DATA EXTRACT Start Marker
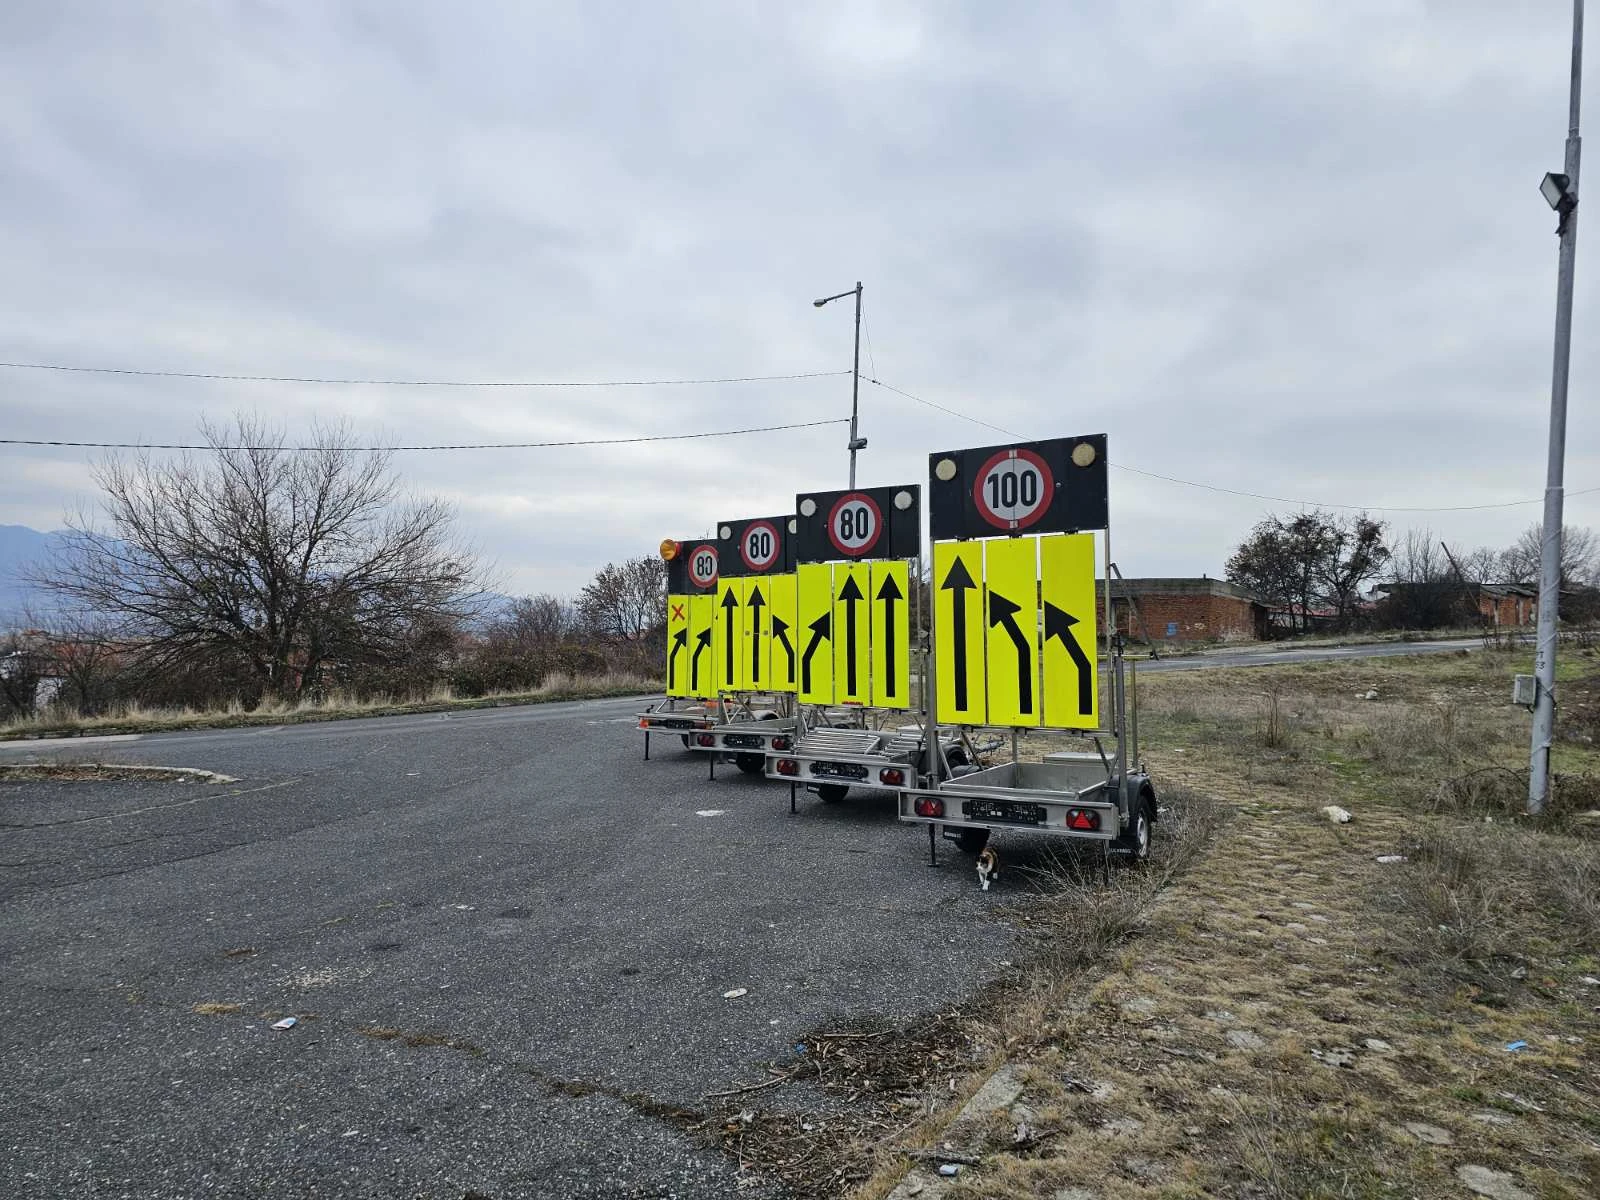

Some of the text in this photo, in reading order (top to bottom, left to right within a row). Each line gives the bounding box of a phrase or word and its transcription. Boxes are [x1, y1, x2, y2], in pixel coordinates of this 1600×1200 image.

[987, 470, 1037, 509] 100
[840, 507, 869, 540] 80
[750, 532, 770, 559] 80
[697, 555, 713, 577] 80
DATA EXTRACT End Marker
YOUR TASK: Each line of the data above must be repeated exactly, images excluded.

THE ANSWER:
Some of the text in this photo, in reading order (top to bottom, left to right within a row). Each line gives the bounding box of a phrase or word and its transcription. Boxes are [x1, y1, x2, y2], in pixel coordinates of this 1600×1200 image.

[987, 470, 1037, 509] 100
[840, 507, 869, 540] 80
[750, 532, 770, 559] 80
[697, 555, 713, 577] 80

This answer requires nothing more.